• YOUR TASK
Print all entries below exactly, without images.

• RECORDS SUPPLIED
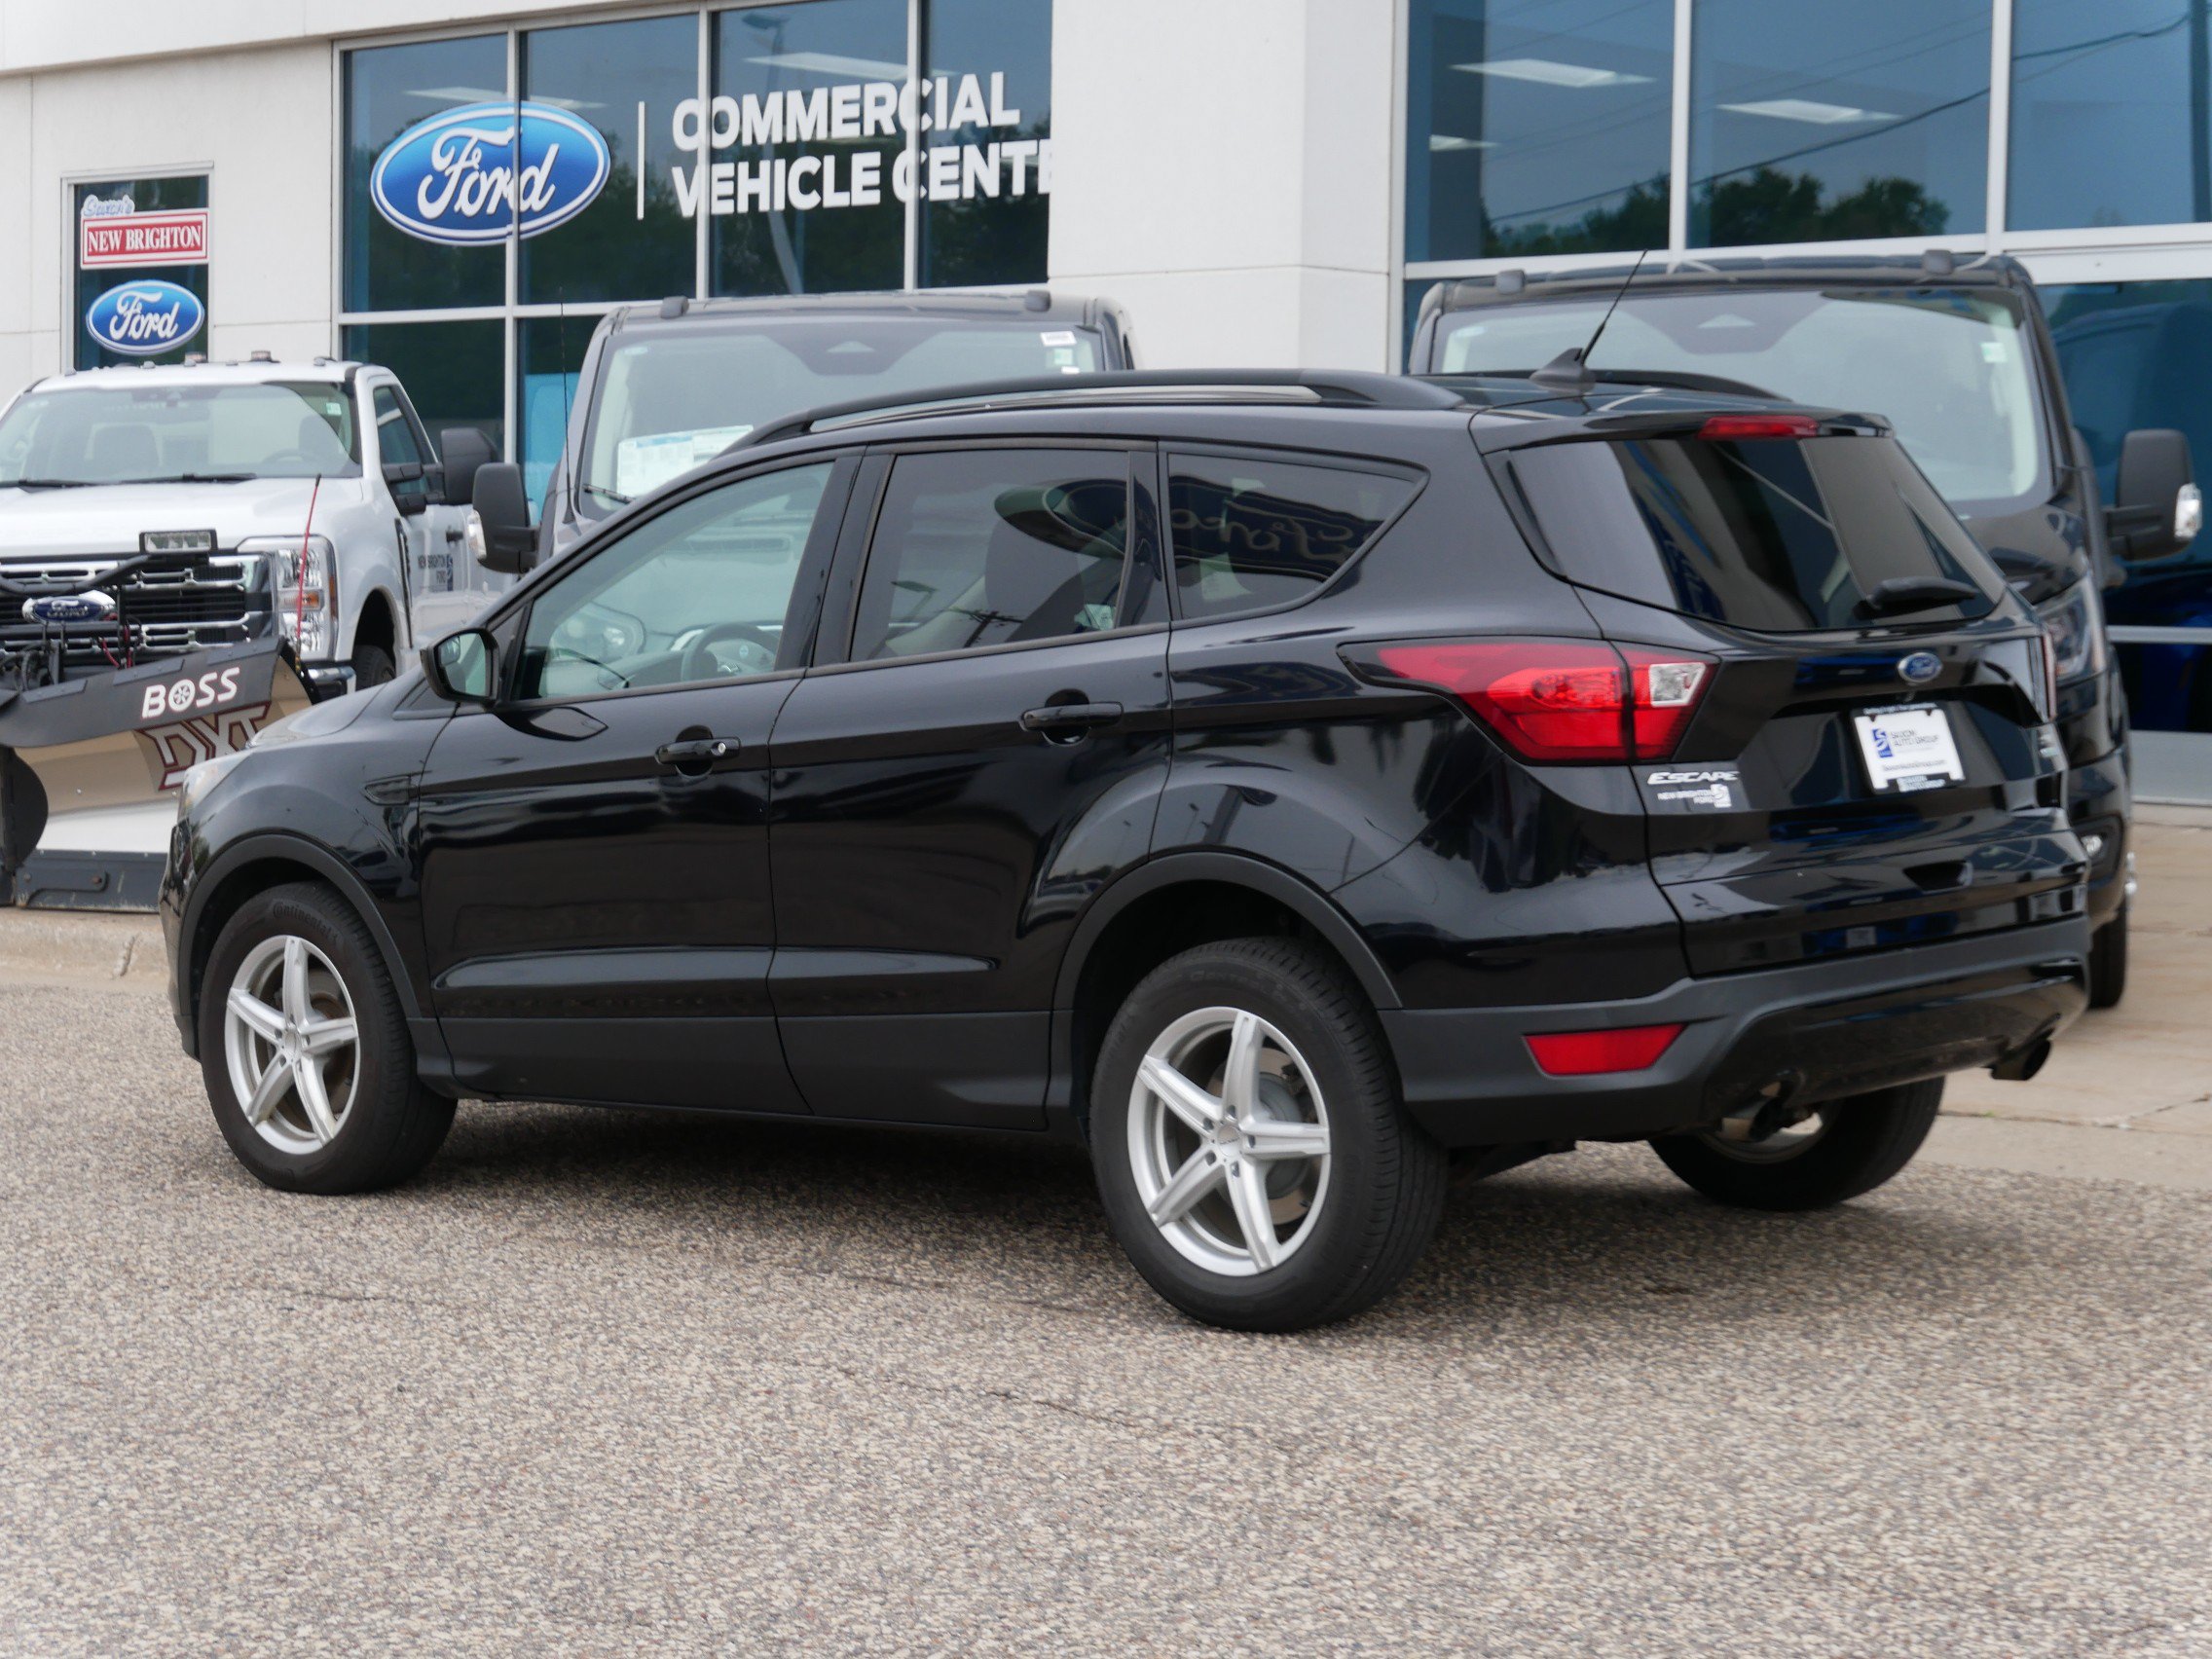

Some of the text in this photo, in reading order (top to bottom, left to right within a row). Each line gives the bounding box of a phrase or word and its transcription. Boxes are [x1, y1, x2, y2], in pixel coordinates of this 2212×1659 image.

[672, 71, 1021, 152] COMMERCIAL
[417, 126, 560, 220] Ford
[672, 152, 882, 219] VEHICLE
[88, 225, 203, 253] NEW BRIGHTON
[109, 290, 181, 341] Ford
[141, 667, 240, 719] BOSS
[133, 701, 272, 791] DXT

• TASK ANSWER
Some of the text in this photo, in reading order (top to bottom, left to right within a row). Each line gives the bounding box of a phrase or word and its transcription. Boxes are [x1, y1, x2, y2], in pixel coordinates of this 2212×1659 image.

[672, 71, 1021, 152] COMMERCIAL
[417, 126, 560, 220] Ford
[672, 152, 882, 219] VEHICLE
[88, 225, 203, 253] NEW BRIGHTON
[109, 290, 181, 341] Ford
[141, 667, 240, 719] BOSS
[133, 701, 272, 791] DXT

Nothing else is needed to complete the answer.